Я проинструктировала еë, где что у мамы в шкафу лежит, съела мамин ужин (капуста кусками и минтай) и с тяжелым сердцем начала собираться.
Никаких предчувствий у меня не было. Оптимизма тоже не было: я понимала, что, скорее всего, уход теперь усложнится, надо будет собрать силы для нового рывка, нового этапа борьбы. У меня не только не было предчувствий, у меня даже мелькала мысль, что я сейчас дома всего наготовлю маме в больницу - от одеяла до блендерированной каши, притащу всё завтра, а маму выпишут.
В палате женщины уже почти легли спать. Не помню... кажется, и свет погасили, но у мамы было не совсем темно - тоже не помню, почему: то ли свет из коридора проникал, то ли над маминой кроватью лампу включили, то ли на улице было не совсем темно, то ли с улицы светили фонари, то ли всё разом.
Мамочка всё так же прерывисто дышала, но вроде немножко спокойнее, чем раньше. Ничего не говорила. Я оделась, вышла в коридор, прикрыла не до конца дверь, взглянула перед уходом на маму, и, как потом оказалось, это был прощальный взгляд, я видела маму последний раз, живой. В следующий раз я увидела маму через два дня, мёртвой, в морге.
Не могу вспомнить, во сколько я ушла от мамы. На улице было уже темно. Я на такси ехала в темноте. Сейчас специально посмотрела по календарю, во сколько в этот день был заход Солнца. В 20.24. По моим прикидкам я ушла в десятом часу.
Пишу и плачу. Мамочка моя милая, звёздочка моя, моя крошечка ненаглядная. Мама умерла в один час четырнадцать минут. Знать бы это - я бы никогда никуда не уехала, осталась с мамочкой до последнего. Но кто ж такое знает, предугадает?.. Мама ушла без меня, с чужими людьми, в холодной казённой больнице, измученная всем - от операции до бытовых неудобств.

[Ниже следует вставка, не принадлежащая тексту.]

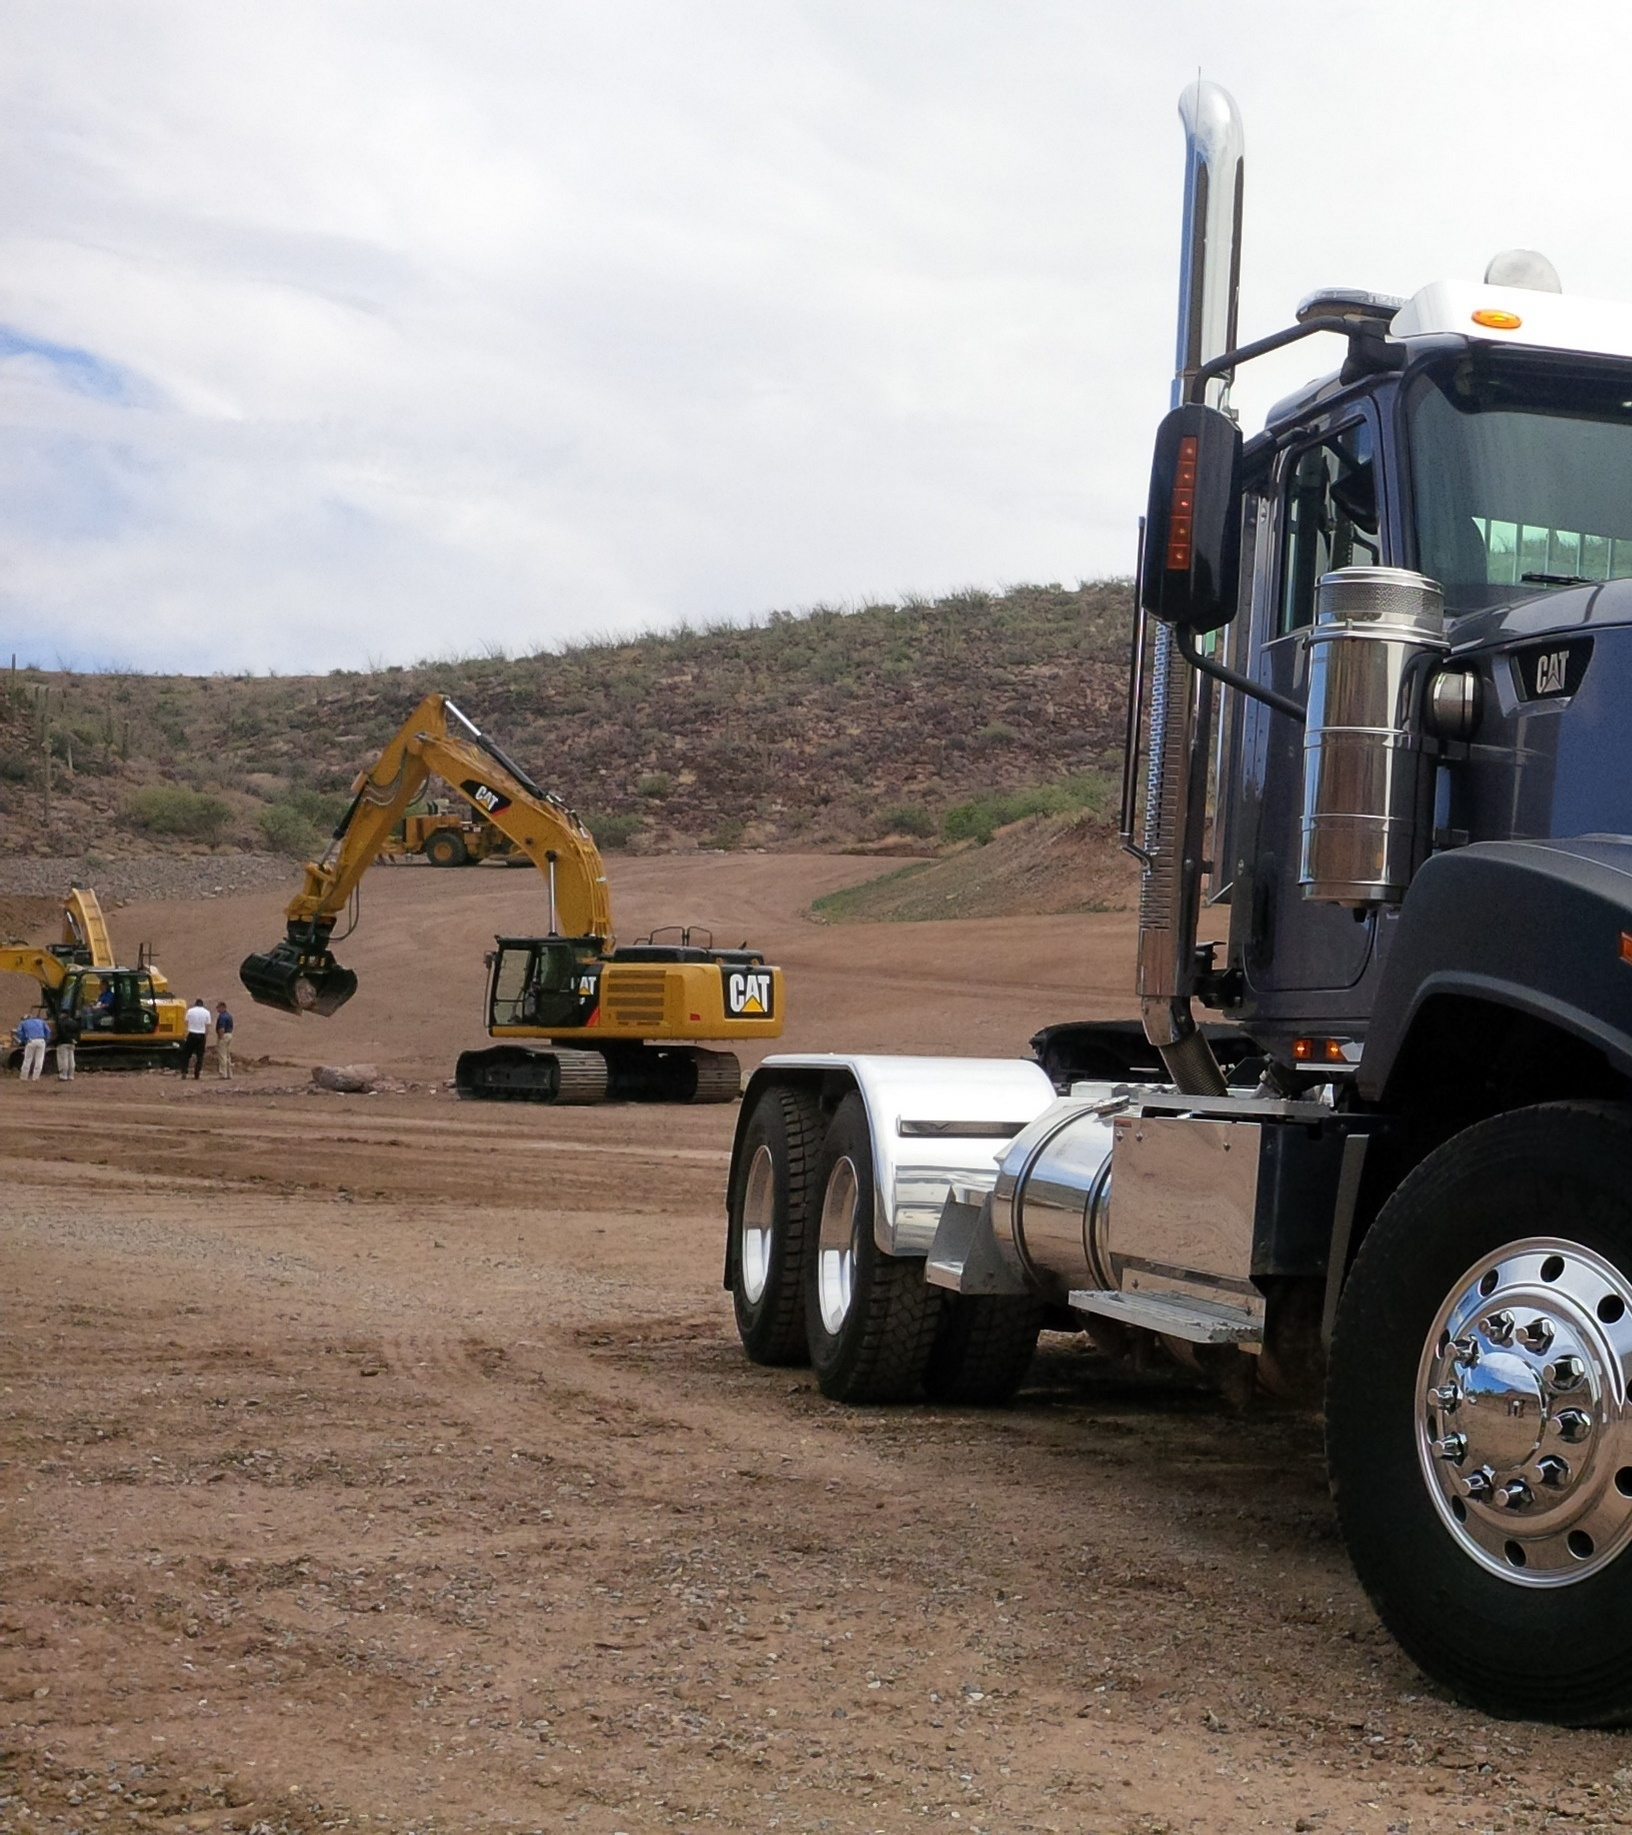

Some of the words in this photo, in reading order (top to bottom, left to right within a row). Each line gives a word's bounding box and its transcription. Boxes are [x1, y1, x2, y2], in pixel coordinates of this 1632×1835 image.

Напоследок мамина соседка по палате попросила меня принести чёрные нитки с иголкой - что-то там ей надо было зашить. Несколько раз мне об этом напомнила.
Я ушла. От мамы. Навсегда.
Шла по извилистым больничным коридорам, в которых я уже освоилась и легко ориентировалась. Было темно, все спали, больница жила тихой ночной жизнью. Сонный охранник выпустил меня на улицу. Я заказала такси. Приехала домой.
Тихий подъезд. Тихая квартира. Пустая квартира. Пустая, но ожидающая маму. Везде наспех брошенные вещи. Я села составлять список того, что мне завтра надо привезти маме. Список этот сохранился: я с тех пор, с маминой смерти ещё ничего не убирала и не выкидывала. Для памяти сфотографирую список и оставлю его здесь.
Во-первых, будучи девочкой до мозга костей ответственной, внесла в список нитку с иголкой - для маминой соседки по палате.
Во-вторых, приготовила тёплое домашнее одеяло в удобном пододеяльнике. И упругую хорошую подушку вместо той тряпки в наволочке, что была у мамы.
Блендер - чтобы взбивать маме больничную еду. Тёплые носочки. Сиделка сказала взять кипятильник. Но у меня его не было, поэтому я внесла его в список как завтрашнюю покупку. Большую кружку - кипятить в ней нужное. Еду и питьё маме. Тёплый свитер. И гепариновую мазь, чтобы мазать маме многострадальные ножки, колени, которые от наших с сиделкой тасканий в скорую были в сплошном синяке.
Я решила взять обогреватель: плевать на запреты врачей - мама, её комфорт важнее. Не зная, сколько маму продержат в больнице, захватила с собой дюфалак - слабительное.
Взяла всё для помывки мамы - шампунь, камфору. Много лет я утром даю маме лимонную водичку с мёдом. Поэтому - мёд, лимон, нож - тоже всё в список.
Я всё приготовила и легла спать. Без всяких предчувствий, но с тяжёлым сердцем, давящей тоской от того, что маме тяжело, что надо в сотый раз собираться с силами, чтобы выходить на новый трудный этап борьбы. Спала я хорошо, без пробудок, без страшных снов.